Launch of Deep-Sea Atlantis Gives Ocean Research a High-Tech Boost

By Peter N. Spotts, writer of The Christian Science Monitor | The Christian Science Monitor, April 22, 1997 | Go to article overview

Launch of Deep-Sea Atlantis Gives Ocean Research a High-Tech Boost


Peter N. Spotts, writer of The Christian Science Monitor, The Christian Science Monitor


Gulls wheel overhead as people dockside brace themselves against a stiff April wind. They jostle and point seaward as a long-awaited vessel appears from behind a headland.

This assembly of marine researchers, their families, and other well-wishers marks the arrival of the newest - and final - addition to the nation's university-based deep-sea oceanographic fleet, the R/V Atlantis.
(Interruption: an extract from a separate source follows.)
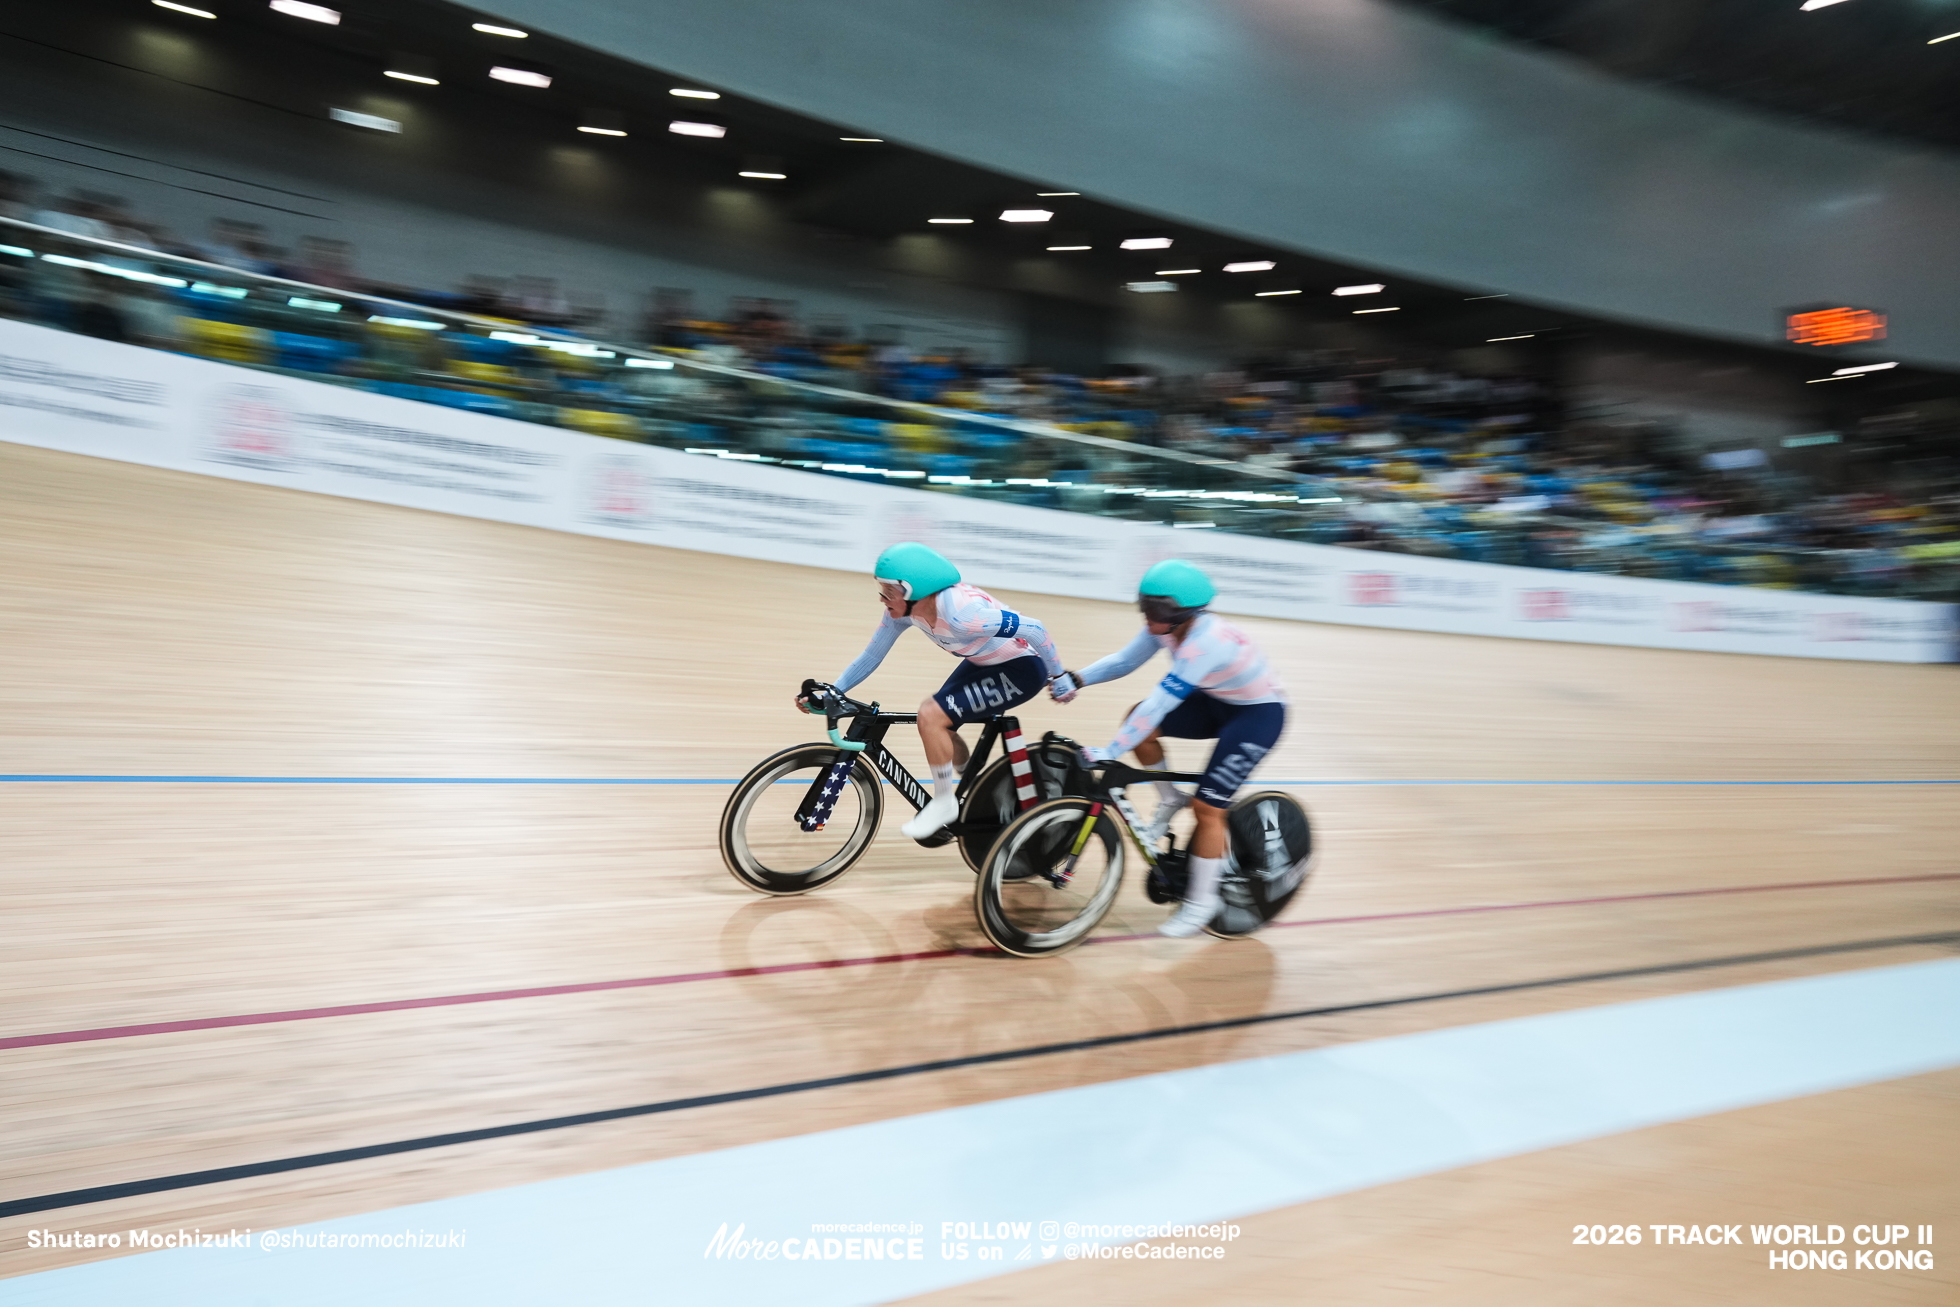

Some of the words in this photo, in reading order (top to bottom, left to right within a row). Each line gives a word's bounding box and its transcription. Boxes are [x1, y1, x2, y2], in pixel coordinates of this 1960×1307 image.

[963, 672, 1024, 713] USA
[878, 750, 926, 809] CANYON
[1208, 741, 1270, 791] USA
The $50-million, 274-foot vessel is the keystone in a United States Navy-sponsored modernization program that began in the mid-1980s. It also symbolizes the revolution the field is undergoing as scientists use new technologies and the ships that carry them to explore Earth's last frontier. From bizarre life forms near volcanic upwellings on the sea floor to studies of fisheries and the oceans' effect on climate, these explorations have "an enormous and direct impact to the people on this planet," says Dan Fornari, chief scientist for deep submergence at the Woods Hole Oceanographic Institution. Although the fleet is maintained and run by universities, the Navy still has access to them, and plans to use them for such activities as ocean surveys. On the outside, Atlantis looks much like its three sister ships, one of which will join the National Oceanic and Atmospheric Administration in July. Yet because it is designed as the mother ship for the manned deep-sea submersible Alvin, Atlantis is unique, Dr. Fornari says. It "gives scientists the ability to use a suite of deep-submerging tools {from one ship} with incredible synergy.... It's a much more cost-effective way to carry out science." Modernizing the fleet The academic fleet's modernization took shape in 1987 under Navy Secretary John Lehman, according to Steven Ramberg, head of the Office of Naval Research's (ONR) ocean, atmosphere, and space department. "It's a national interest to make sure the oceanographic community has world-ranging access to the oceans to do good research, whether it's for the National Science Foundation or for the Navy," he says. "We had seven old ships, and we said: Let's upgrade to a smaller number of ships, but make them bigger and better." In all, Dr. Ramberg says, the Navy has spent nearly $200 million during the past 10 years building three new oceanographic ships, including Atlantis, and giving two older ships a major refit. That suited university scientists; the kinds of questions they wanted to answer, such as the ocean's role in the global carbon cycle, were getting bigger, more complicated, and required ships capable of staying at sea longer. …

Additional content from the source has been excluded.